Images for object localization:
***
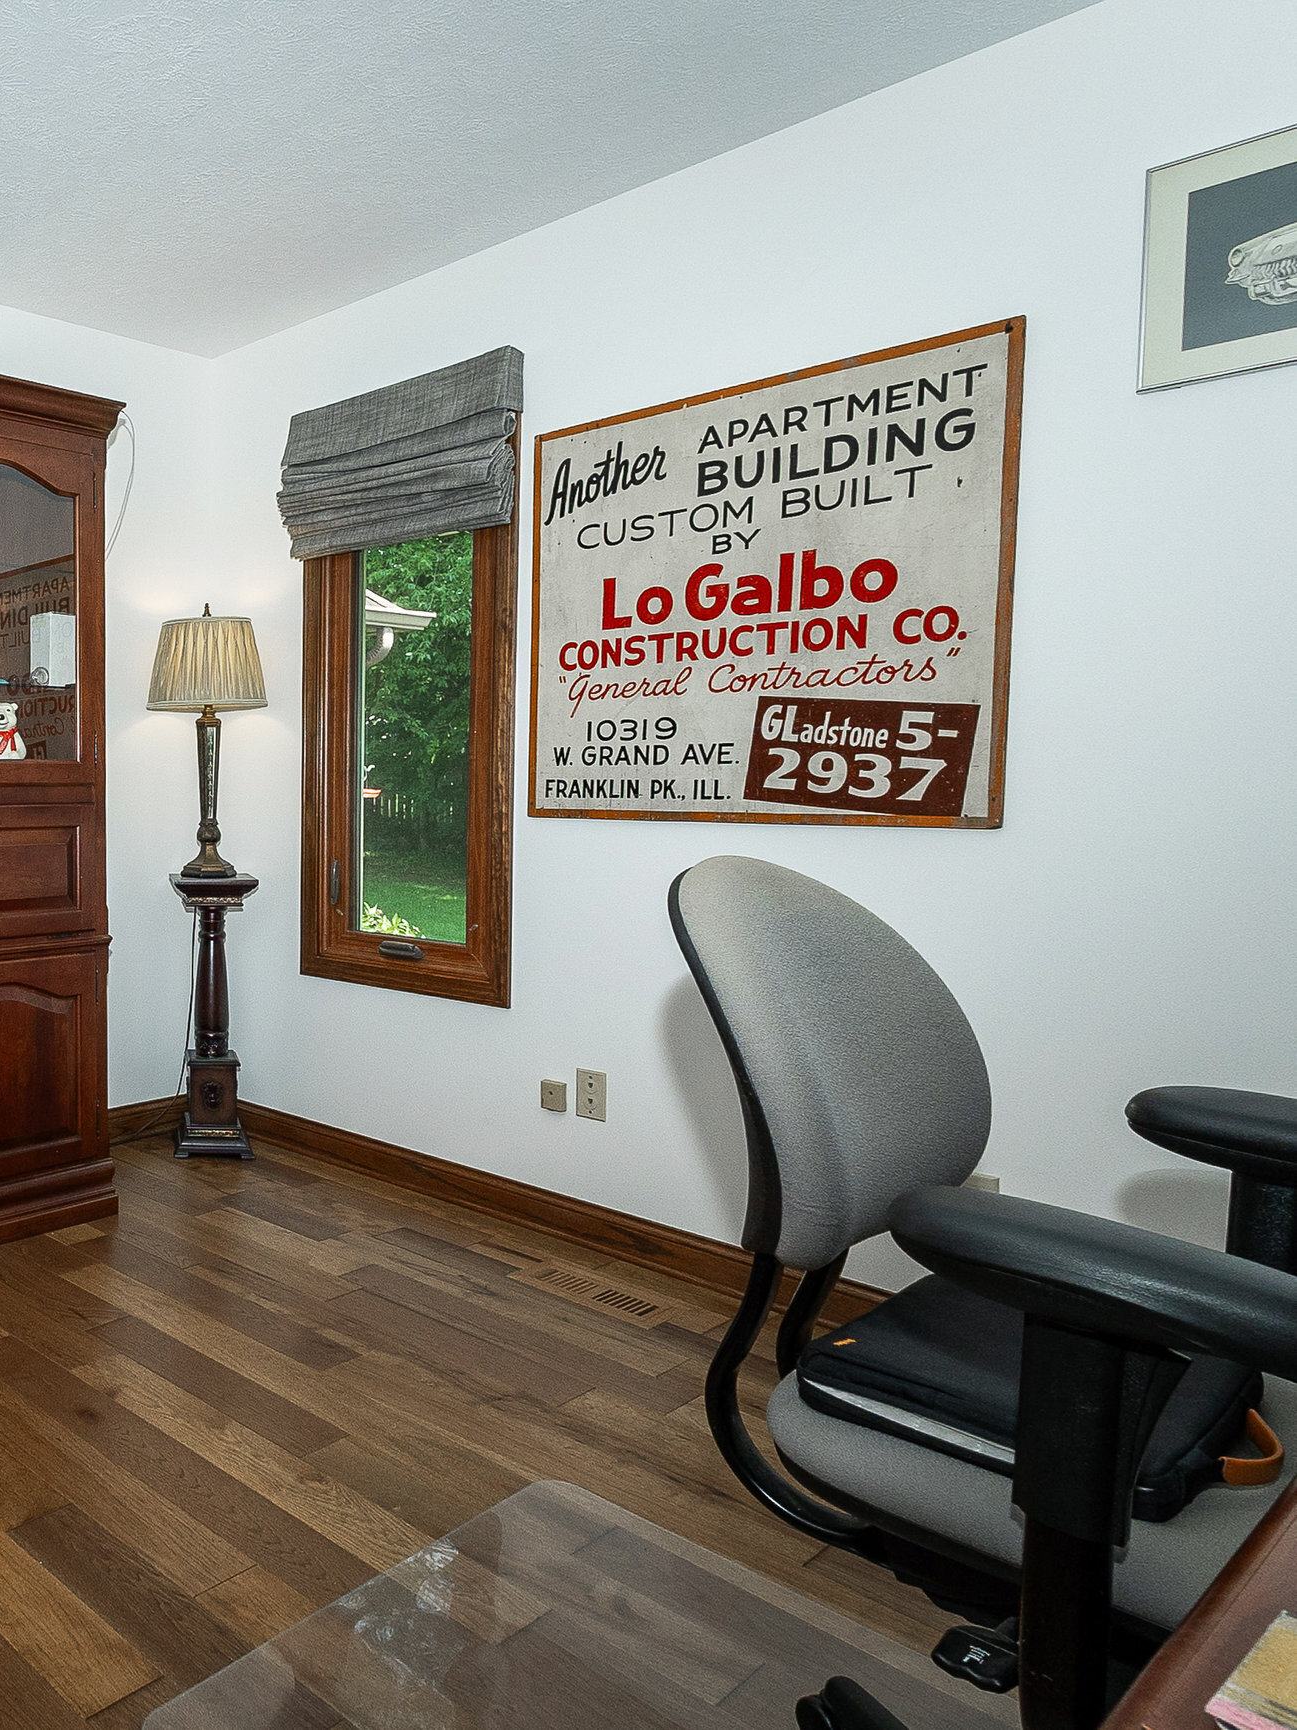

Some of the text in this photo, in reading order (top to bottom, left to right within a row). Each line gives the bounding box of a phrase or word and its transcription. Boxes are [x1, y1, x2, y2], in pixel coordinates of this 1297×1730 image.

[697, 363, 988, 454] APARTMENT
[544, 441, 667, 526] Another
[697, 408, 976, 497] BUILDING
[577, 464, 933, 549] CUSTOM BUILT
[711, 528, 762, 555] BY
[602, 549, 898, 631] Lo Galbo
[559, 606, 968, 671] CONSTRUCTION CO.
[559, 647, 961, 718] "General Contractors"
[553, 743, 740, 767] W. GRAND AVE.
[586, 716, 678, 742] 10319
[760, 704, 959, 751] GLadstone 5-
[545, 778, 731, 802] FRANKLIN PK., ILL.
[762, 747, 948, 802] 2937
***
What the exercise asks –
Output the lines above in full and exactly. Leave out every picture.

Response below –
Some of the text in this photo, in reading order (top to bottom, left to right within a row). Each line gives the bounding box of a phrase or word and its transcription. Boxes are [x1, y1, x2, y2], in pixel coordinates of this 1297×1730 image.

[697, 363, 988, 454] APARTMENT
[544, 441, 667, 526] Another
[697, 408, 976, 497] BUILDING
[577, 464, 933, 549] CUSTOM BUILT
[711, 528, 762, 555] BY
[602, 549, 898, 631] Lo Galbo
[559, 606, 968, 671] CONSTRUCTION CO.
[559, 647, 961, 718] "General Contractors"
[553, 743, 740, 767] W. GRAND AVE.
[586, 716, 678, 742] 10319
[760, 704, 959, 751] GLadstone 5-
[545, 778, 731, 802] FRANKLIN PK., ILL.
[762, 747, 948, 802] 2937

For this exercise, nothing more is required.